Exercise objective: Leave out any pictures and transcribe all other data below exactly.
==== Provided records
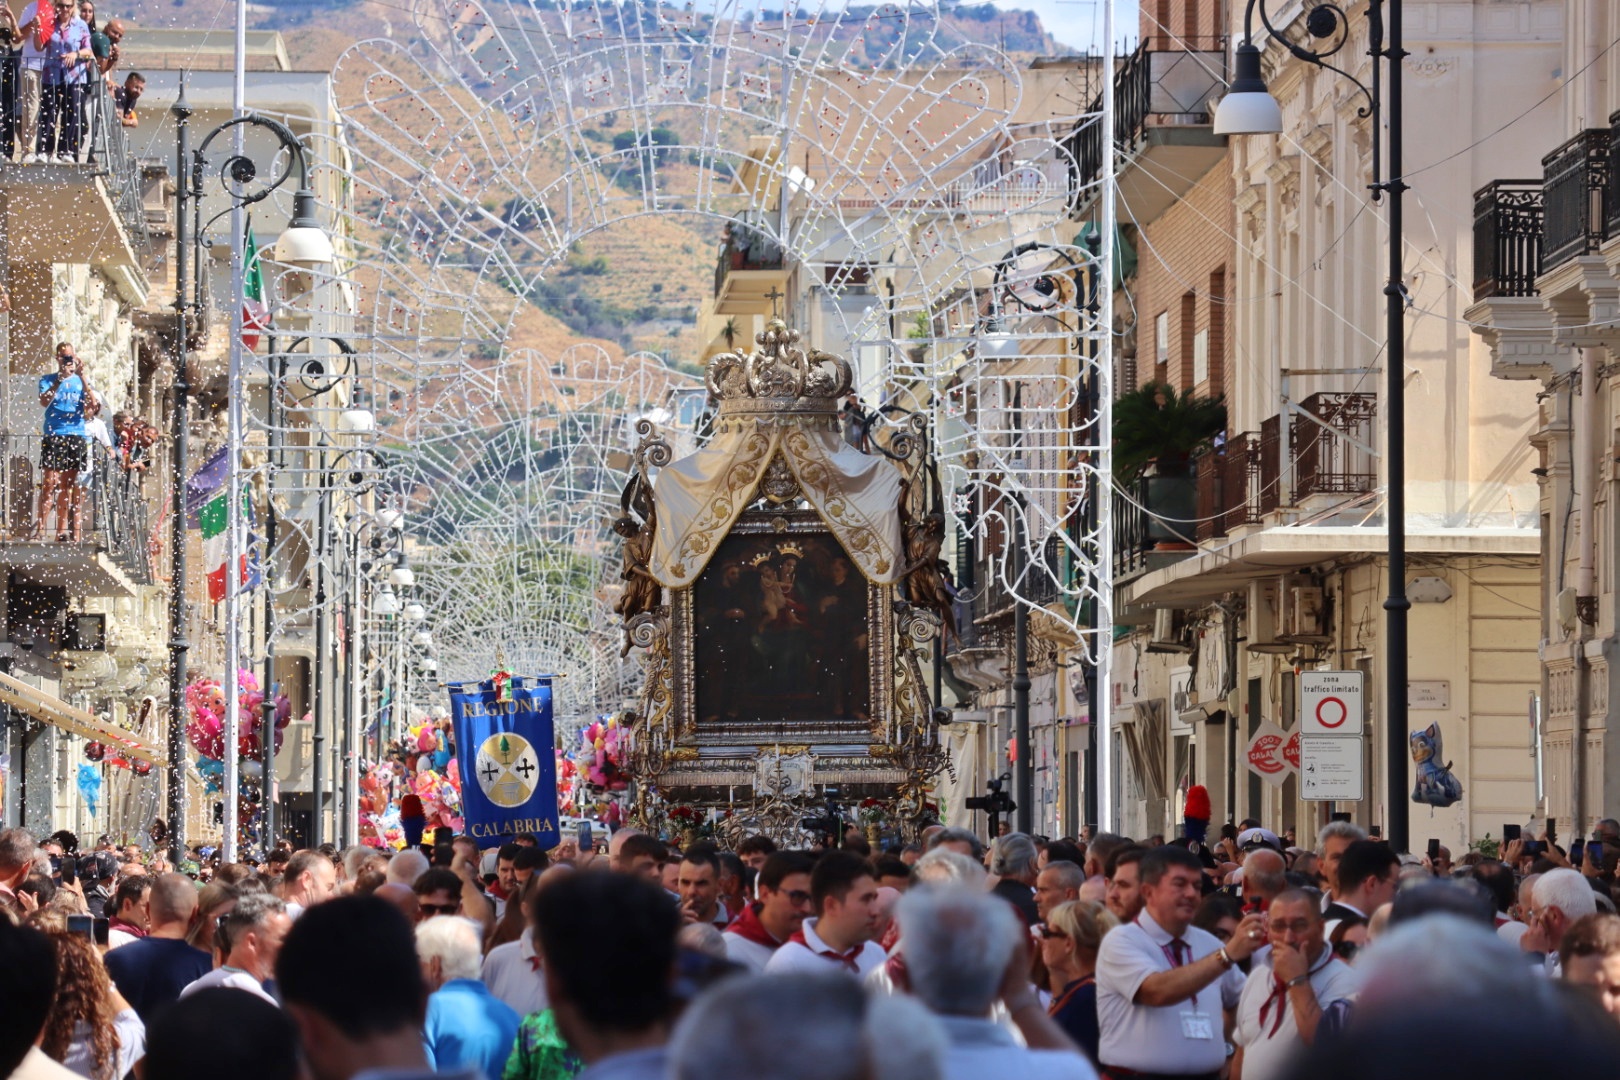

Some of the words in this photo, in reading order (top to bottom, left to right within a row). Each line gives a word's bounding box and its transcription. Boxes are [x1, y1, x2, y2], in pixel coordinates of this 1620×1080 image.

[1304, 685, 1330, 693] traffico
[1331, 685, 1359, 693] limitato
[461, 696, 543, 718] REGIONE
[471, 817, 554, 838] CALABRIA
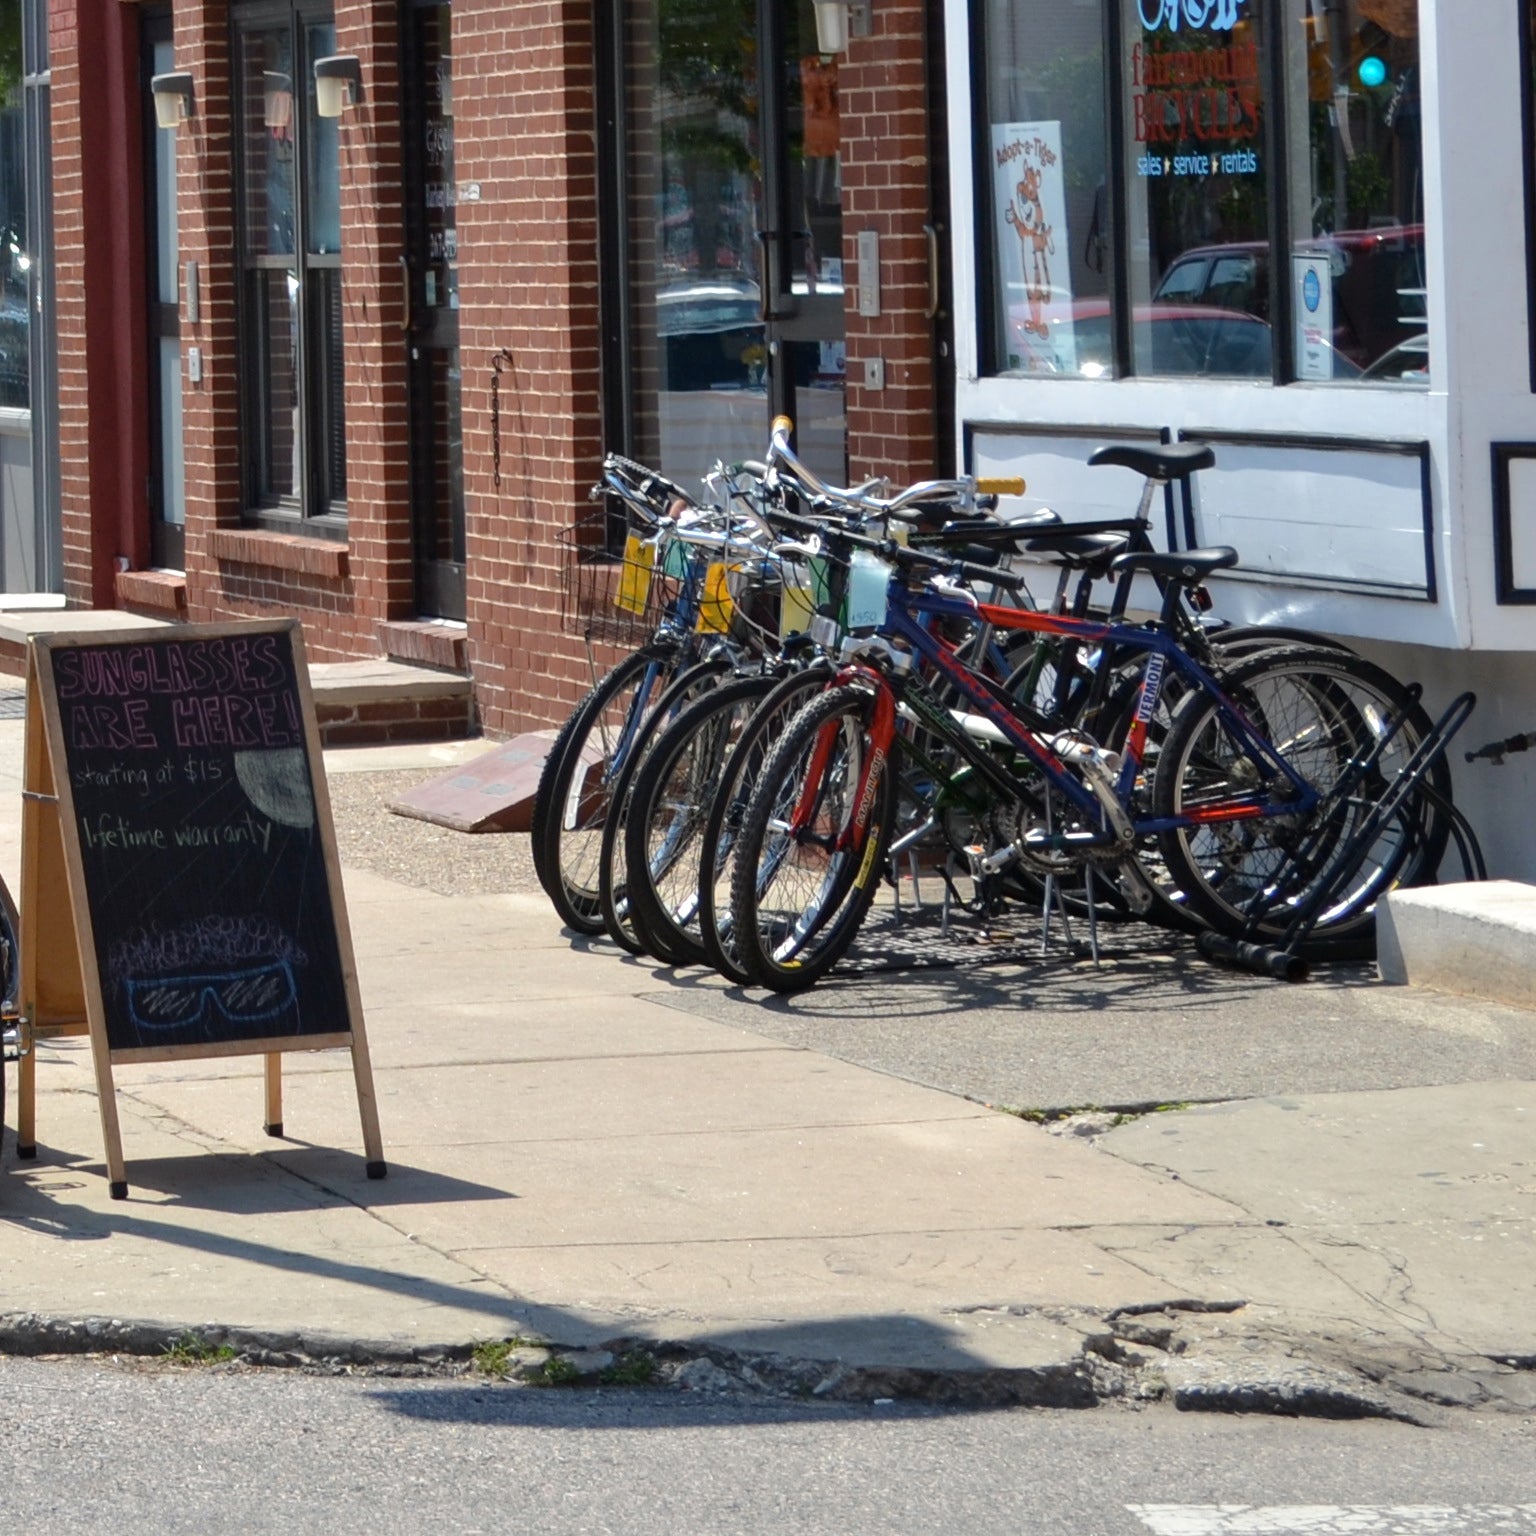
========
Expected answer:
Some of the words in this photo, in reading order (top to bottom, left to right within a row). Each line gives a word's bounding box and its transcription. Boxes are [x1, y1, x2, y2], in pixel coordinates of this 1620×1080 image.

[1304, 685, 1330, 693] traffico
[1331, 685, 1359, 693] limitato
[461, 696, 543, 718] REGIONE
[471, 817, 554, 838] CALABRIA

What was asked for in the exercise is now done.